The 5 language skills

The 5 language skills

The second and foreign language domains (i.e. textbook companies, researchers, teachers, etc.) categorize language learning into five different skill areas: reading, listening, speaking, writing, and cultural awareness ( the latter is relatively new). All of these skills are interrelated, but they can develop at different rates.

This is a critical point for language students.

Anyone who has spent any time trying to learn another language soon realizes that some activities are easier than others. While you may be fantastic at reading, you may have difficulty speaking or hearing. This situation is completely normal, but it can frustrate those who clearly see their strength in one area and their weakness in another.
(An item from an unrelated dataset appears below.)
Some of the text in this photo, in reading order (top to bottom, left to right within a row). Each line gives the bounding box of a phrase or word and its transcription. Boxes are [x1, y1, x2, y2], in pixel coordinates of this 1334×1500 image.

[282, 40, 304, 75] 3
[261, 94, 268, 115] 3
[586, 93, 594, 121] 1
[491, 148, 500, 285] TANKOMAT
The way you study and learn your new language will influence how each of these 5 skills develops.

As an example, I am working with a student who is a very skilled reader. However, he doesn’t really get many opportunities to interact with native English speakers, so he has a hard time listening and speaking when we work together.
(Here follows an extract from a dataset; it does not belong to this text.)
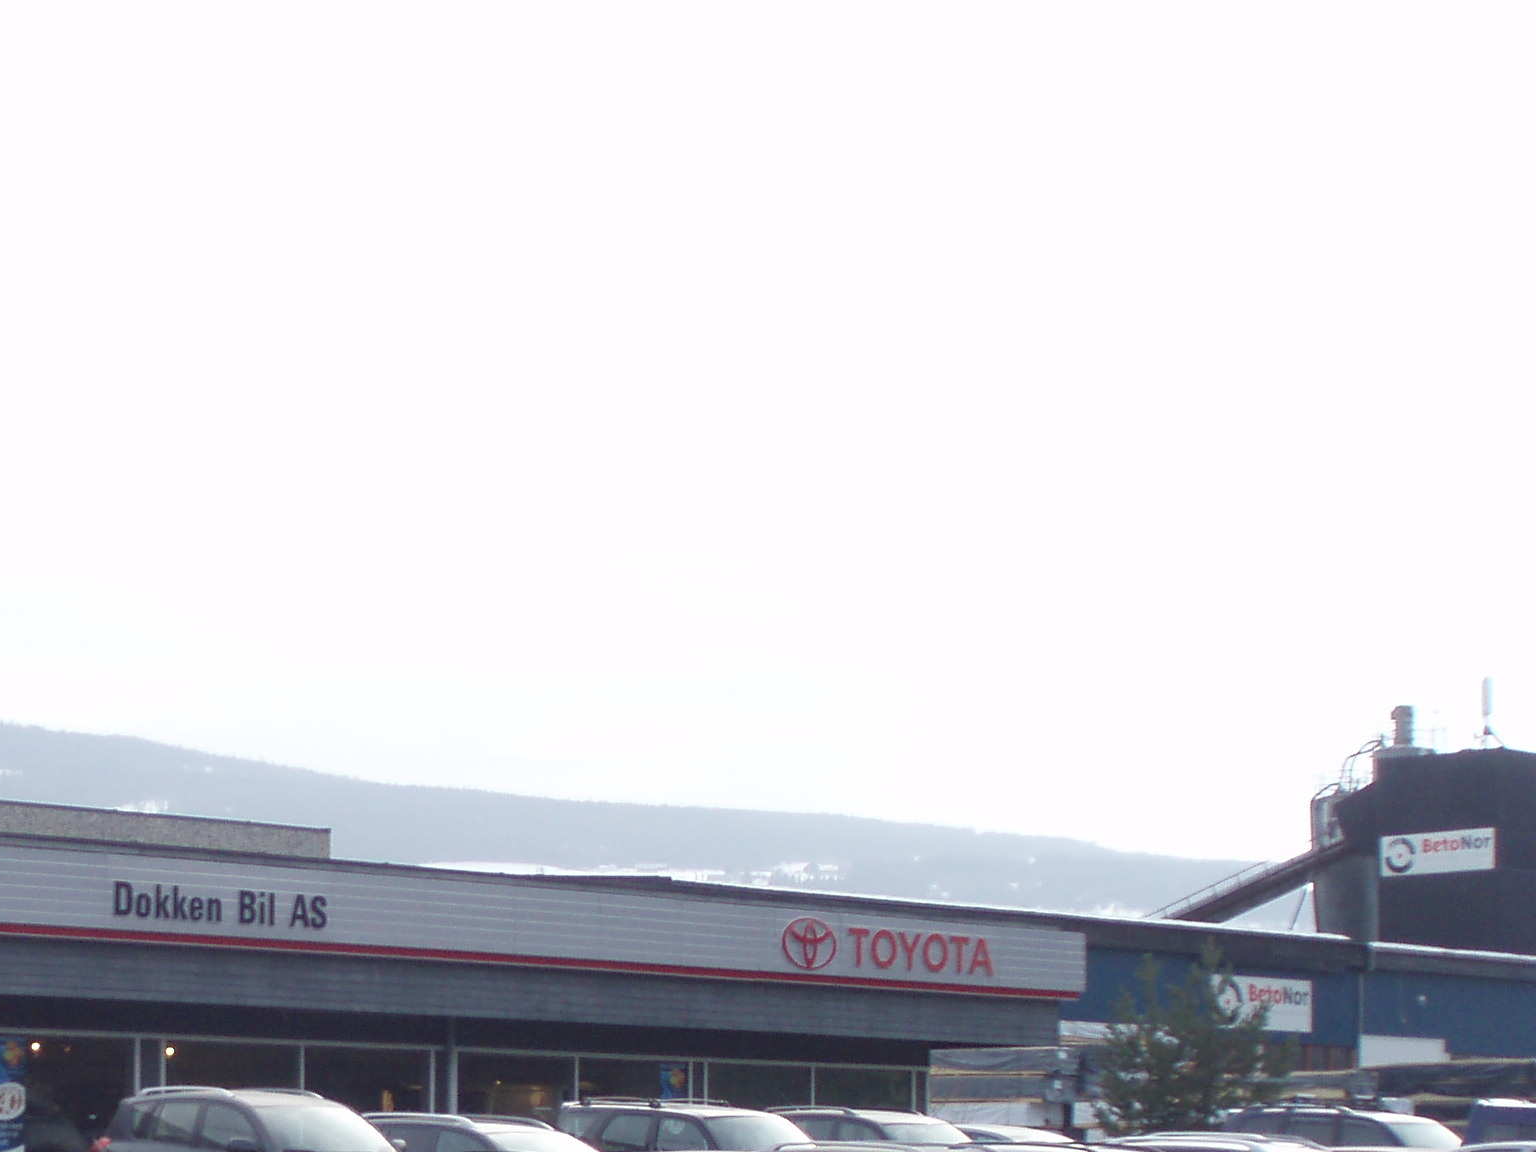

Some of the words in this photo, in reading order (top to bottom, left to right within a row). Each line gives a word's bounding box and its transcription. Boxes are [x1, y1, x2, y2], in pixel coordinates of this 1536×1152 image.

[113, 880, 223, 923] Dokken
[238, 889, 276, 927] Bil
[289, 893, 328, 929] AS
[847, 927, 994, 977] TOYOTA
If you’re learning via immersion, you may not be the best reader, but your speaking skills and cultural awareness are probably phenomenal. Alternatively, if you are learning in a language class that is not physically located in a country that speaks the language, you may be stronger in reading, but weaker in speaking and cultural awareness.

What can you do to help develop all your language skills?

For students in a formal language program, the teacher and curriculum will use one of two approaches: integration of skills or separate skills.

1. Integration of skills: Using this approach, language courses encourage students to develop all 5 language skills through an integrated skills curriculum. Your language class may have some speaking practice, some listening practice, and some reading and writing homework, for example. Each class will include a variety of different activities focused on different abilities.

2. Separate Skills: This approach varies from skill integration in that a class will only focus on developing one skill. For example, you can enroll in a listening comprehension course or a writing course. While you’ll likely use different skills within each class, the focus will be on developing a specific skill.

As a language student, take a moment to critically assess your approach to learning. This can help you focus and complete your studies.

If you are enrolled in a language program, what approach does your program recommend? If you are studying independently, how do you generally organize your work?